The list of sectors that attract investors ends with mining and especially lithium, where certain operations have been carried out by international investors this year. Such as the Canadian Lithium South Development Corporation (which closed its deposit purchase in Catamarca) or the Australian Peninsula mines (which invests in Salta).
5. The speech of many is over
Nike’s departure was a pandemic, and it was even announced in February 2020 that a deal had been struck with Mexican company Axo, which ended in vain a few weeks later due to the spread of the corovirus. For this reason, the recently announced sale to the Panama Group can not really be attributed to the emergence of multinational companies that began in 2020 and whose most resonant cases were the departure of Walmart, Falabella and Latam Airlines.

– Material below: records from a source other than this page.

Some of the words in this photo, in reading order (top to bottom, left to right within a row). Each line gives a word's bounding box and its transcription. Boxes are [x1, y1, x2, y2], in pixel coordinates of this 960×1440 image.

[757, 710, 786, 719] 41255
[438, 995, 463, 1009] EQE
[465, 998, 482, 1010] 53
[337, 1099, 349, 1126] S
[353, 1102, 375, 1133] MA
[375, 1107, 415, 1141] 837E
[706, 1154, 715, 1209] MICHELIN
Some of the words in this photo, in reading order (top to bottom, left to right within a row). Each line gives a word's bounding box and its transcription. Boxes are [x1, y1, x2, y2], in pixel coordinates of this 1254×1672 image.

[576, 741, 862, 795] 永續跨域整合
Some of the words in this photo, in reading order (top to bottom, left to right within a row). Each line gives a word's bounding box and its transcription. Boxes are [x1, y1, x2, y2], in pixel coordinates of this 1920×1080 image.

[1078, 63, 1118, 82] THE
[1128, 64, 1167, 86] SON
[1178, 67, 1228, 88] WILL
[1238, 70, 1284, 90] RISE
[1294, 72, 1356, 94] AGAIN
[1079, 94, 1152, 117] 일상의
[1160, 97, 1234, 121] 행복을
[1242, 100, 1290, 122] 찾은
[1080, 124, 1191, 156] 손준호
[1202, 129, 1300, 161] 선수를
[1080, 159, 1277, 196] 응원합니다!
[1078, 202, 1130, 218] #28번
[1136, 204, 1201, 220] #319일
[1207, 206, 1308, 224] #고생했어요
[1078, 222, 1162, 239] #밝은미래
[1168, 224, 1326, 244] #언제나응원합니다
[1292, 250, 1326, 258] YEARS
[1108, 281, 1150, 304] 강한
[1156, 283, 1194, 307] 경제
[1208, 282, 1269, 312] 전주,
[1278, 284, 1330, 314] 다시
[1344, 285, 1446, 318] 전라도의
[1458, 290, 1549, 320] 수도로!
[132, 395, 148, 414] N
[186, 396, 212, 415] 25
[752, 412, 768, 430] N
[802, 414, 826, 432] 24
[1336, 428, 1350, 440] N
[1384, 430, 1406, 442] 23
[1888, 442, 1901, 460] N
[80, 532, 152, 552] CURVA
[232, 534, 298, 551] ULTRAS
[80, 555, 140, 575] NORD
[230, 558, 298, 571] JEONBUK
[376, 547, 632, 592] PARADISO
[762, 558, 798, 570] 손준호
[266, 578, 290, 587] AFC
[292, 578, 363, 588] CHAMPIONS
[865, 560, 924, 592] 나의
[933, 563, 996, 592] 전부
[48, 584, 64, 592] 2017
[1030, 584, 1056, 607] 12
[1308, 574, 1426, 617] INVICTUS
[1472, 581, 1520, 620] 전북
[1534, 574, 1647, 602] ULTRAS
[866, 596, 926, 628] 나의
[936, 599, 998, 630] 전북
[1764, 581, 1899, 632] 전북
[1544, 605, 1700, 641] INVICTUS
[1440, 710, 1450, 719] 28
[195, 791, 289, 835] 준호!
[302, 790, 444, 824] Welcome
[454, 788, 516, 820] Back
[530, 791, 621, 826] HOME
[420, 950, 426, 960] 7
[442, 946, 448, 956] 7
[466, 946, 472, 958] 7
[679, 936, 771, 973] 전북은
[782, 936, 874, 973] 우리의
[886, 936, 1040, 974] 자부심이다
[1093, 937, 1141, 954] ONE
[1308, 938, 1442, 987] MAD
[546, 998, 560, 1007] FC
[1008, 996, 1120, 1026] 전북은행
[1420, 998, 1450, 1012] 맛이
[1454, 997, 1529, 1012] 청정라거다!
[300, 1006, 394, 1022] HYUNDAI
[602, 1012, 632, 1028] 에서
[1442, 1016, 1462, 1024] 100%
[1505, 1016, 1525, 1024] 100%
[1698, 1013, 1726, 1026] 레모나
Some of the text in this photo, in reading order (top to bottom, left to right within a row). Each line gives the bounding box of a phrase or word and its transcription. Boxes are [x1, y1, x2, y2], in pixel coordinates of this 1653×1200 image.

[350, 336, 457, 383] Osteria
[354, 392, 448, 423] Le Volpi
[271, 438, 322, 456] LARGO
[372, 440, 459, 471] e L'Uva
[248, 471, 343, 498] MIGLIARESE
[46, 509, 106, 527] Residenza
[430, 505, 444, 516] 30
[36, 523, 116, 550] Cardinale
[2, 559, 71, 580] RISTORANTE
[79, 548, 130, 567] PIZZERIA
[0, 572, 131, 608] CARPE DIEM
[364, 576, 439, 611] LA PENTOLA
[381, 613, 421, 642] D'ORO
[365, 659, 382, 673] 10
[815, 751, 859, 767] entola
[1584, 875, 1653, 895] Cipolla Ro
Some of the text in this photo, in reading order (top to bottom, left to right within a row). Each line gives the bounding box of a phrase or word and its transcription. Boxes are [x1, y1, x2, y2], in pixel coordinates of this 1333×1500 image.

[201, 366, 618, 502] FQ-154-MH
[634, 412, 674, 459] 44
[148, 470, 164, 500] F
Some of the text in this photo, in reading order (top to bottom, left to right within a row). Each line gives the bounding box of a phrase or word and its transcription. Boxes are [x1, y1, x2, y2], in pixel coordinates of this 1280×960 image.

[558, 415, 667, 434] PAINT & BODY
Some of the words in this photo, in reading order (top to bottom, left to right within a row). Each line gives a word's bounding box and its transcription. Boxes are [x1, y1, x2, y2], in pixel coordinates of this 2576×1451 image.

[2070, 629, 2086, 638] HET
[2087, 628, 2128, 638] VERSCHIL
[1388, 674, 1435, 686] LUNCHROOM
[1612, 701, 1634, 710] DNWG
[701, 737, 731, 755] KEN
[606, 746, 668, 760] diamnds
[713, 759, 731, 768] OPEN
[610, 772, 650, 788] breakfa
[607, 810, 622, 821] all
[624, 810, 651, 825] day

“I do not see the main decisions, but these are not the conditions that create this situation. In particular, those who had plans to leave have already fulfilled them and it is also not a good time to start the exit process. And we must also remember that we are at the door of a new election cycle. Those who have come so far can wait a little longer and speculate on the prospect of change. ” Explained in Lazard.
“The balance sheet of many companies is still good today and this is forcing multinational companies to reconsider why they should go abroad. “I do not dare to say that there is no call to leave the country, but it is clear that there is no call to leave at these prices,” Ronderos explained.